## Task to carry out
Could you return every record below word for word, leaving out the pictures?

(Source data)

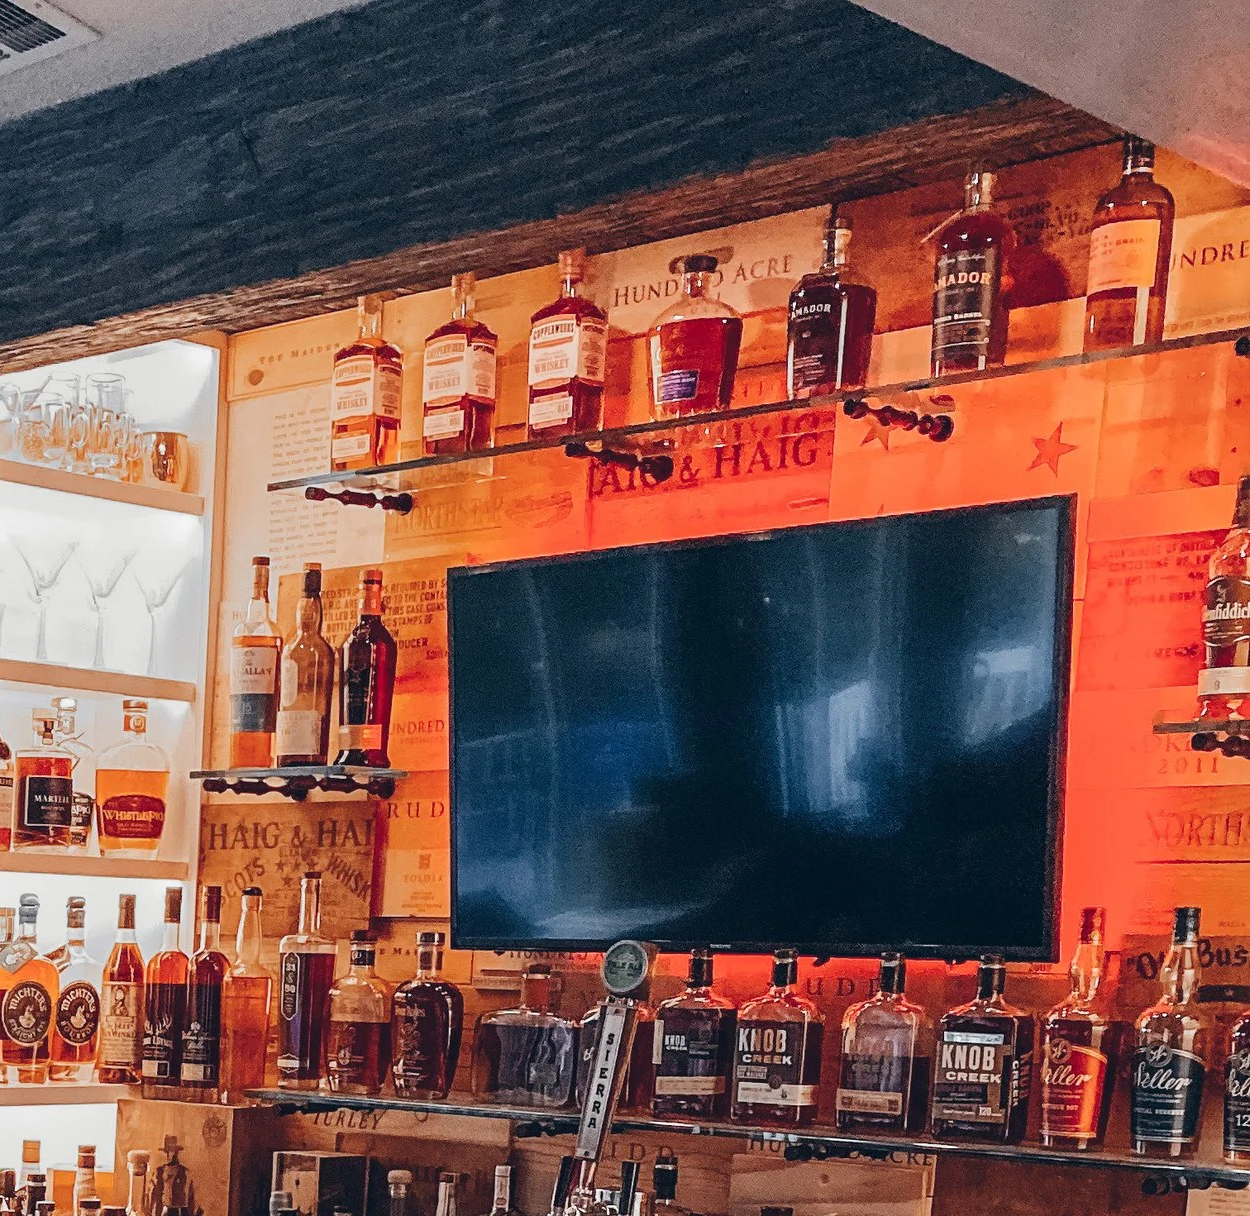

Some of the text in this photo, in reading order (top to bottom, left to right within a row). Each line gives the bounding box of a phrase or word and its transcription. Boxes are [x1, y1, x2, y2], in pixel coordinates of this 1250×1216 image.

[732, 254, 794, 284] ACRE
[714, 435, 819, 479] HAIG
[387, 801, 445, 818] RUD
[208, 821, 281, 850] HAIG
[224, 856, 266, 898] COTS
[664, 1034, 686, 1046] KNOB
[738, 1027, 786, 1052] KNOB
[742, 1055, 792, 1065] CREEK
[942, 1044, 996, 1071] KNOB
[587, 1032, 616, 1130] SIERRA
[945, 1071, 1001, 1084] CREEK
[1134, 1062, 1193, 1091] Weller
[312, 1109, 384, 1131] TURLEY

(End Source data)

## Output for this exercise
Some of the text in this photo, in reading order (top to bottom, left to right within a row). Each line gives the bounding box of a phrase or word and its transcription. Boxes are [x1, y1, x2, y2], in pixel coordinates of this 1250×1216 image.

[732, 254, 794, 284] ACRE
[714, 435, 819, 479] HAIG
[387, 801, 445, 818] RUD
[208, 821, 281, 850] HAIG
[224, 856, 266, 898] COTS
[664, 1034, 686, 1046] KNOB
[738, 1027, 786, 1052] KNOB
[742, 1055, 792, 1065] CREEK
[942, 1044, 996, 1071] KNOB
[587, 1032, 616, 1130] SIERRA
[945, 1071, 1001, 1084] CREEK
[1134, 1062, 1193, 1091] Weller
[312, 1109, 384, 1131] TURLEY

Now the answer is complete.